The centrist party is under investigation and is suspected of paying its assistants with funds earmarked for MEPs.

The world with AFP Posted today at 17h36, updated at 18h34

Time to Reading 2 min

Modem's chief financial officer, the first centrist party leader to hear investigative judges responsible for investigating allegedly fictitious jobs for MEPs, was indicted on Friday, the France-France Agency learned on Saturday (AFP) from sources.

Alexander Nardela must answer for that "Allegations of embezzlement of public funds" and "Hiding the Misuse of Public Assets". He was the first to be summoned by judges from the Paris court financial center to investigate the July 2017 case. In all, some 15 people, including MEPs, parliamentary assistants and party officials, are expected to be heard in the coming weeks.

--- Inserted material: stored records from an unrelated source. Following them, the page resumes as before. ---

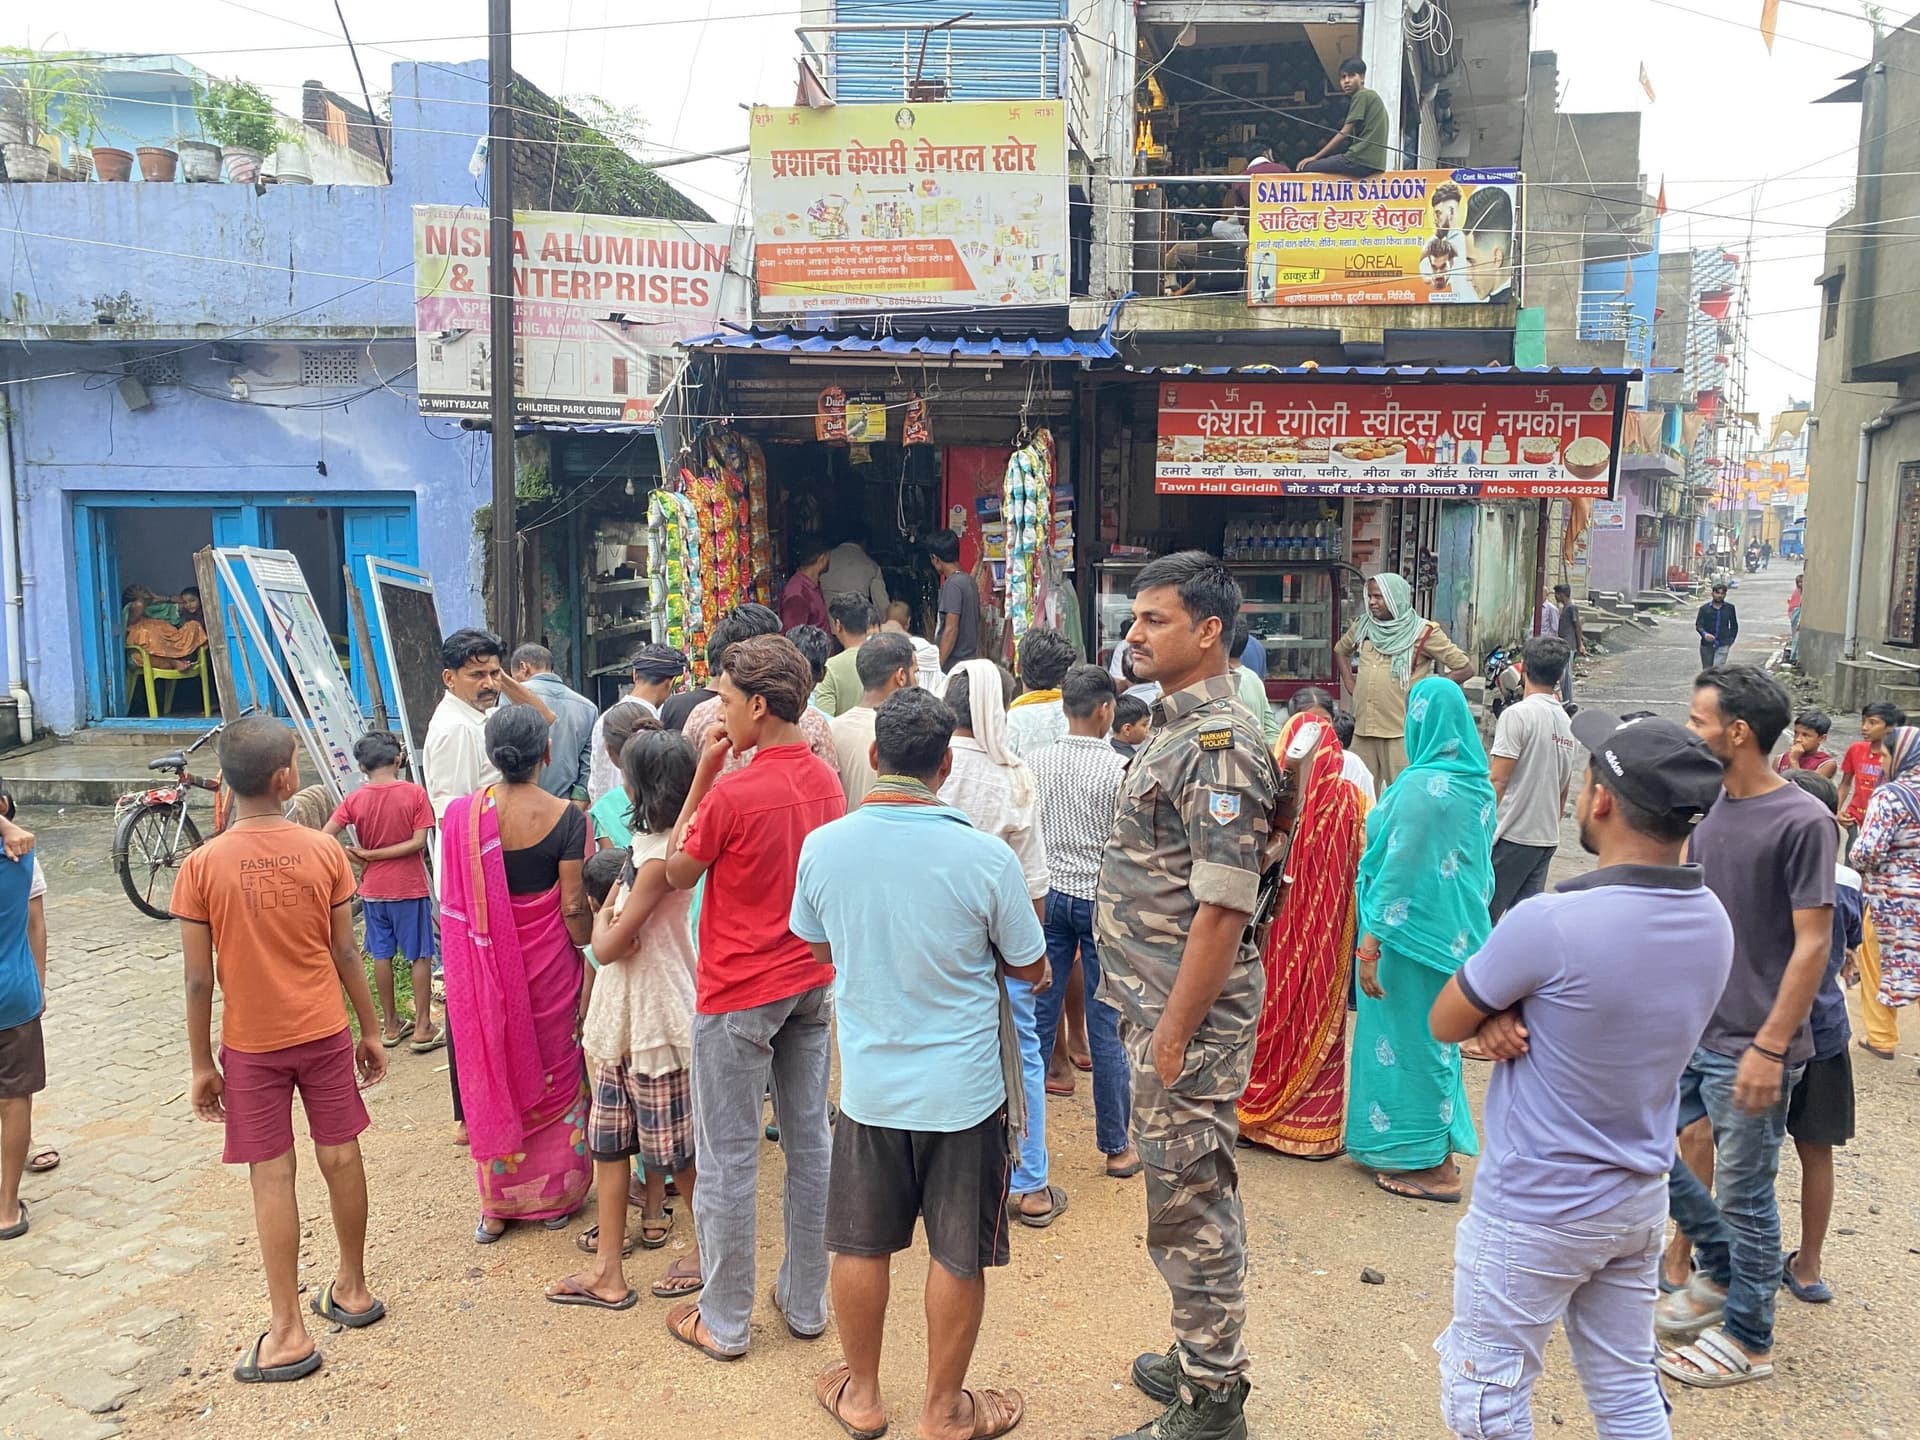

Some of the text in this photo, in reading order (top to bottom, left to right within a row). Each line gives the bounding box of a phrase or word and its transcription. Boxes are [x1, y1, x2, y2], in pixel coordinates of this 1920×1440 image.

[770, 136, 1037, 179] प्रशान्त केशरी जेनरल स्टोर
[1257, 178, 1427, 202] SAHIL HAIR SALOON
[1257, 205, 1319, 231] साहिल
[1324, 206, 1368, 230] हेयर
[540, 232, 729, 273] ALUMINIUM
[449, 263, 709, 306] & NTERPRISES
[431, 399, 489, 410] WHITYBAZAR
[516, 402, 560, 413] CHILDREN
[562, 403, 585, 414] PARK
[587, 404, 621, 416] GIRIDIH
[1197, 400, 1266, 436] केशरी
[1276, 400, 1350, 436] रंगोली
[1452, 402, 1487, 439] एवं
[1497, 402, 1582, 440] नमकीन
[1160, 466, 1192, 477] हमारे
[1201, 465, 1226, 477] यहाँ
[1234, 466, 1262, 478] छेना,
[1272, 466, 1306, 478] खोवा,
[1317, 466, 1351, 479] पनीर,
[1363, 466, 1390, 478] मीठा
[1400, 469, 1416, 479] का
[1469, 466, 1498, 479] लिया
[1509, 470, 1540, 479] जाता
[1548, 466, 1565, 479] है।
[1159, 481, 1279, 493] Tawn Hall Giridih
[1287, 482, 1307, 493] नोट
[1318, 482, 1342, 494] यहाँ
[1377, 484, 1399, 494] केक
[1402, 482, 1417, 494] भी
[1419, 482, 1456, 495] मिलता
[1457, 482, 1474, 495] है।
[1486, 484, 1519, 494] Mob.
[1530, 485, 1608, 495] 8092442828
[1203, 739, 1230, 749] POLICE
[240, 854, 301, 870] FASHION

Modem President Francois Bayrou will be on December 6, according to sources familiar with the matter. The mayor of Pau, a pillar of the presidential majority, sat in the European Parliament from 1999 to 2002.

Mariel de Sarnez, MEP from 1999 to 2017 and number two in the centrist party, and Sylvie Gullard, MP from 2009 to 2017 and currently Bank of France's Deputy Governor, will be audited "During the first week of December", reported in early November The world.

Similar research on LFS and FN

Magistrates are seeking to determine whether Modem's parliamentary aides were paid for by the European Parliament's public funds when in fact they were assigned other tasks for the centrist party.

The opening of a preliminary investigation by the Paris Public Prosecutor's Office in June 2017 led to the resignation of Mr. Bairu from the post of justice minister, as well as those from Mariela de Sarnez as minister of European affairs and Sylvie Gulard as minister of the army.

This case, added to the controversy over services rendered to American think tank, has cost Sylvie Gould his place in the new European Commission, rejected by MEPs in October.

She agreed this summer to pay the European Parliament 45,000 euros, which corresponds to the eight-month salary of one of her assistants, Stefan Tero, for which she cannot provide "Proof of Work". On August 30, the European Parliament closed its case.

Read also: Sylvie Gould's failure at European Commission, imposed on Emmanuel Macron

Modem is not the only political formation in the lens of justice for allegedly fictitious jobs in the European Parliament. A similar investigation was opened in the case of non-sentenced France (LCI) and the former National Front (now National Rally), which charged twenty people, including Marin Le Pen.